------ AVAILABLE RECORDS ------

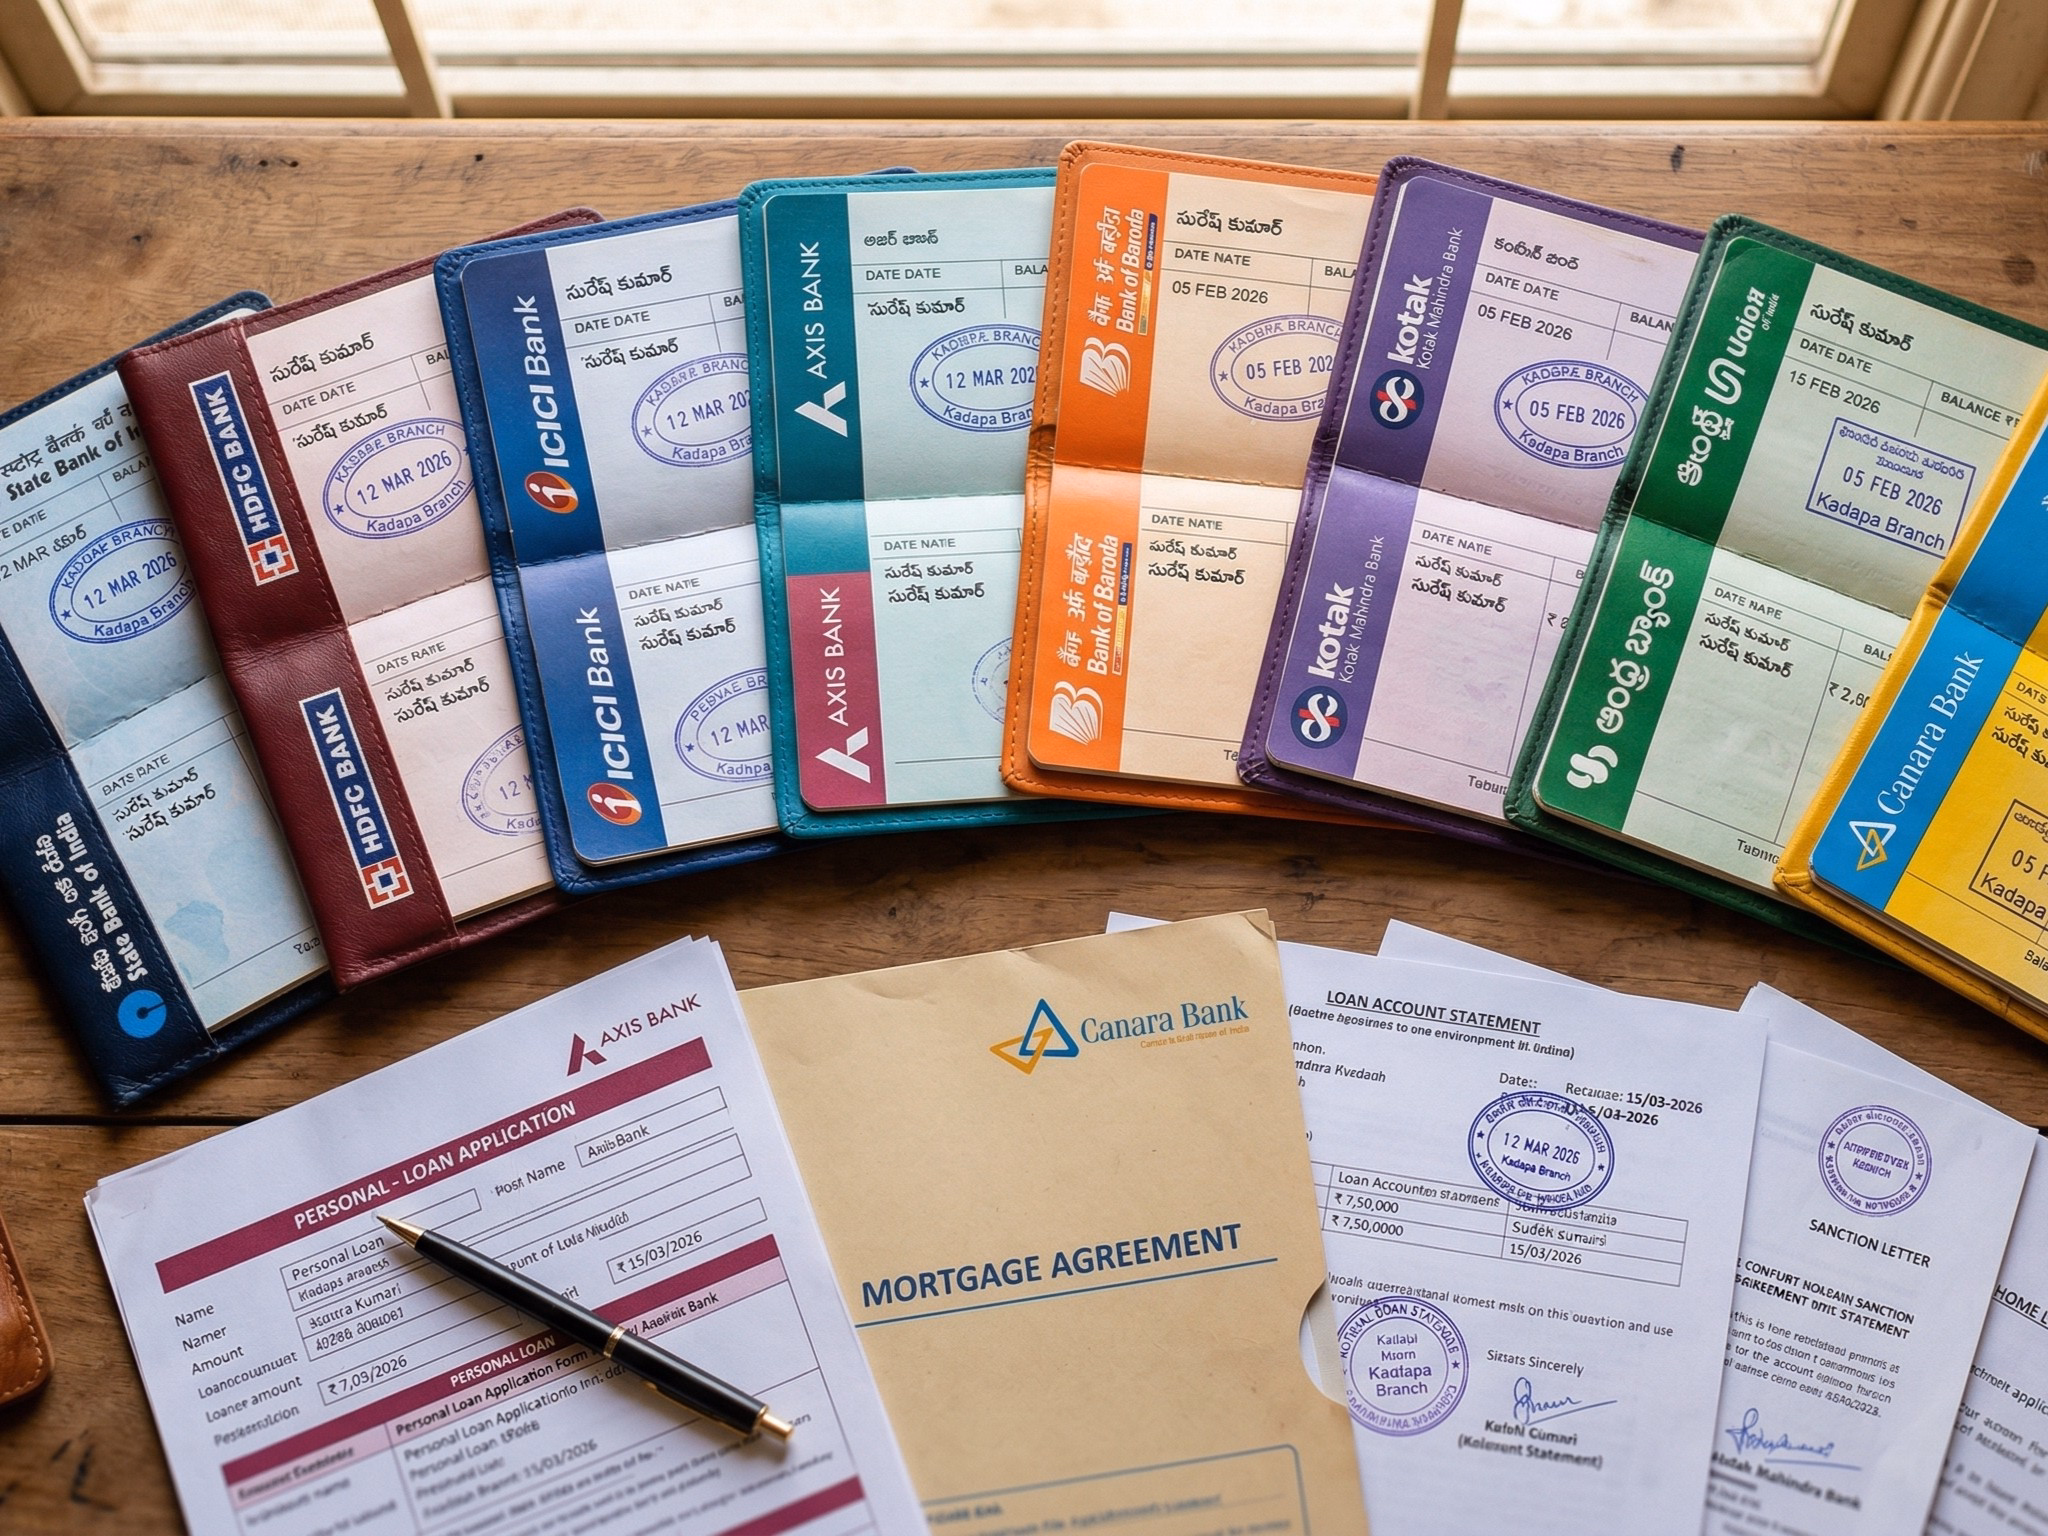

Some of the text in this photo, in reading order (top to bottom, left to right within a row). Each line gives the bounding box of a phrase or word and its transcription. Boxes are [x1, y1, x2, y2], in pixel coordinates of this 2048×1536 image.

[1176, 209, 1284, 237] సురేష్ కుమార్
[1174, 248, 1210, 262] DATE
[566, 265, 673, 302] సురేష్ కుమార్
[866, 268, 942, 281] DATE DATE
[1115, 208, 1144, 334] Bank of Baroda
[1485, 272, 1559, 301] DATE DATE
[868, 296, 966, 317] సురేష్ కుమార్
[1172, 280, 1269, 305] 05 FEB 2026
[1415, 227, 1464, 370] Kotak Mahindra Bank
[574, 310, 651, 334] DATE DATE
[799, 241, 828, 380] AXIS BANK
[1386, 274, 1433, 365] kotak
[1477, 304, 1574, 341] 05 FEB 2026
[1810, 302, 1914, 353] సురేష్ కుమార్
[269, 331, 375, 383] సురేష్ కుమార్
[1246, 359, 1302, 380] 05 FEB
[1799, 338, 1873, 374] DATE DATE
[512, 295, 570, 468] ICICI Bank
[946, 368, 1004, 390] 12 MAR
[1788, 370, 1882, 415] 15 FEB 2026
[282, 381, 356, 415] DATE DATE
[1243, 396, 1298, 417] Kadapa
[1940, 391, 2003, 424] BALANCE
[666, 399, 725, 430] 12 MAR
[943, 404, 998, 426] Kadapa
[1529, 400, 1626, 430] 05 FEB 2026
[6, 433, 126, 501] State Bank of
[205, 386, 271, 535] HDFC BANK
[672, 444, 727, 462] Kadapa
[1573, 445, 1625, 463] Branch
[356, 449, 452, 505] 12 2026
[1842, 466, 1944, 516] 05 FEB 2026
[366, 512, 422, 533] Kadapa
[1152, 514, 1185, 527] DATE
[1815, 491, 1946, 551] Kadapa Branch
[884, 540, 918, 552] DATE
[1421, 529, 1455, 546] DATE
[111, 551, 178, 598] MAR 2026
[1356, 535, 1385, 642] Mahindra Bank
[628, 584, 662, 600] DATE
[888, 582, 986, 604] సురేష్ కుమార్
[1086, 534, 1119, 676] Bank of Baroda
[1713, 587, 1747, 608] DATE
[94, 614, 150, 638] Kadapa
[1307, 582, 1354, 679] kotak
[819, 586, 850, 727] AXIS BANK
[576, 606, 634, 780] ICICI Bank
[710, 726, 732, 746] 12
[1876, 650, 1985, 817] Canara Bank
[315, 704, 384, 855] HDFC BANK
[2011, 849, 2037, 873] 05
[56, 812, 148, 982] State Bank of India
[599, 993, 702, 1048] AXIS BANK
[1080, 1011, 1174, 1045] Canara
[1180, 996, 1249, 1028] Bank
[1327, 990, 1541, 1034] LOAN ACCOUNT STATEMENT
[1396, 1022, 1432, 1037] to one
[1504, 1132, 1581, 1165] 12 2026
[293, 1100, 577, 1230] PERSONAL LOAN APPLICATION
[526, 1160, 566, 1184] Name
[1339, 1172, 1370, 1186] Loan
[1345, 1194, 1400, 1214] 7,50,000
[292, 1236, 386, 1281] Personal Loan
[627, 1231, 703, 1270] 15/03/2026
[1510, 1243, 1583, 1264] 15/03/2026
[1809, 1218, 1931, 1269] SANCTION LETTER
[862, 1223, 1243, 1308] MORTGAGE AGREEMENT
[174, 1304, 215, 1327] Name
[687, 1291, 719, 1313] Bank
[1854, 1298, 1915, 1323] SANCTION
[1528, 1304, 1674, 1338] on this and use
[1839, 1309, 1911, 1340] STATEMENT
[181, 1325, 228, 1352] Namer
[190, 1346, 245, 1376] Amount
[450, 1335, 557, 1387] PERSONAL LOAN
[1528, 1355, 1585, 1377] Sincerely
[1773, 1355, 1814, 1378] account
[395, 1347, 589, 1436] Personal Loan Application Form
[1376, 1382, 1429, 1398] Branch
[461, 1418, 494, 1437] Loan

------

Where the data includes pictures, leave them out and write out everything else exactly.

Some of the text in this photo, in reading order (top to bottom, left to right within a row). Each line gives the bounding box of a phrase or word and its transcription. Boxes are [x1, y1, x2, y2], in pixel coordinates of this 2048×1536 image.

[1176, 209, 1284, 237] సురేష్ కుమార్
[1174, 248, 1210, 262] DATE
[566, 265, 673, 302] సురేష్ కుమార్
[866, 268, 942, 281] DATE DATE
[1115, 208, 1144, 334] Bank of Baroda
[1485, 272, 1559, 301] DATE DATE
[868, 296, 966, 317] సురేష్ కుమార్
[1172, 280, 1269, 305] 05 FEB 2026
[1415, 227, 1464, 370] Kotak Mahindra Bank
[574, 310, 651, 334] DATE DATE
[799, 241, 828, 380] AXIS BANK
[1386, 274, 1433, 365] kotak
[1477, 304, 1574, 341] 05 FEB 2026
[1810, 302, 1914, 353] సురేష్ కుమార్
[269, 331, 375, 383] సురేష్ కుమార్
[1246, 359, 1302, 380] 05 FEB
[1799, 338, 1873, 374] DATE DATE
[512, 295, 570, 468] ICICI Bank
[946, 368, 1004, 390] 12 MAR
[1788, 370, 1882, 415] 15 FEB 2026
[282, 381, 356, 415] DATE DATE
[1243, 396, 1298, 417] Kadapa
[1940, 391, 2003, 424] BALANCE
[666, 399, 725, 430] 12 MAR
[943, 404, 998, 426] Kadapa
[1529, 400, 1626, 430] 05 FEB 2026
[6, 433, 126, 501] State Bank of
[205, 386, 271, 535] HDFC BANK
[672, 444, 727, 462] Kadapa
[1573, 445, 1625, 463] Branch
[356, 449, 452, 505] 12 2026
[1842, 466, 1944, 516] 05 FEB 2026
[366, 512, 422, 533] Kadapa
[1152, 514, 1185, 527] DATE
[1815, 491, 1946, 551] Kadapa Branch
[884, 540, 918, 552] DATE
[1421, 529, 1455, 546] DATE
[111, 551, 178, 598] MAR 2026
[1356, 535, 1385, 642] Mahindra Bank
[628, 584, 662, 600] DATE
[888, 582, 986, 604] సురేష్ కుమార్
[1086, 534, 1119, 676] Bank of Baroda
[1713, 587, 1747, 608] DATE
[94, 614, 150, 638] Kadapa
[1307, 582, 1354, 679] kotak
[819, 586, 850, 727] AXIS BANK
[576, 606, 634, 780] ICICI Bank
[710, 726, 732, 746] 12
[1876, 650, 1985, 817] Canara Bank
[315, 704, 384, 855] HDFC BANK
[2011, 849, 2037, 873] 05
[56, 812, 148, 982] State Bank of India
[599, 993, 702, 1048] AXIS BANK
[1080, 1011, 1174, 1045] Canara
[1180, 996, 1249, 1028] Bank
[1327, 990, 1541, 1034] LOAN ACCOUNT STATEMENT
[1396, 1022, 1432, 1037] to one
[1504, 1132, 1581, 1165] 12 2026
[293, 1100, 577, 1230] PERSONAL LOAN APPLICATION
[526, 1160, 566, 1184] Name
[1339, 1172, 1370, 1186] Loan
[1345, 1194, 1400, 1214] 7,50,000
[292, 1236, 386, 1281] Personal Loan
[627, 1231, 703, 1270] 15/03/2026
[1510, 1243, 1583, 1264] 15/03/2026
[1809, 1218, 1931, 1269] SANCTION LETTER
[862, 1223, 1243, 1308] MORTGAGE AGREEMENT
[174, 1304, 215, 1327] Name
[687, 1291, 719, 1313] Bank
[1854, 1298, 1915, 1323] SANCTION
[1528, 1304, 1674, 1338] on this and use
[1839, 1309, 1911, 1340] STATEMENT
[181, 1325, 228, 1352] Namer
[190, 1346, 245, 1376] Amount
[450, 1335, 557, 1387] PERSONAL LOAN
[1528, 1355, 1585, 1377] Sincerely
[1773, 1355, 1814, 1378] account
[395, 1347, 589, 1436] Personal Loan Application Form
[1376, 1382, 1429, 1398] Branch
[461, 1418, 494, 1437] Loan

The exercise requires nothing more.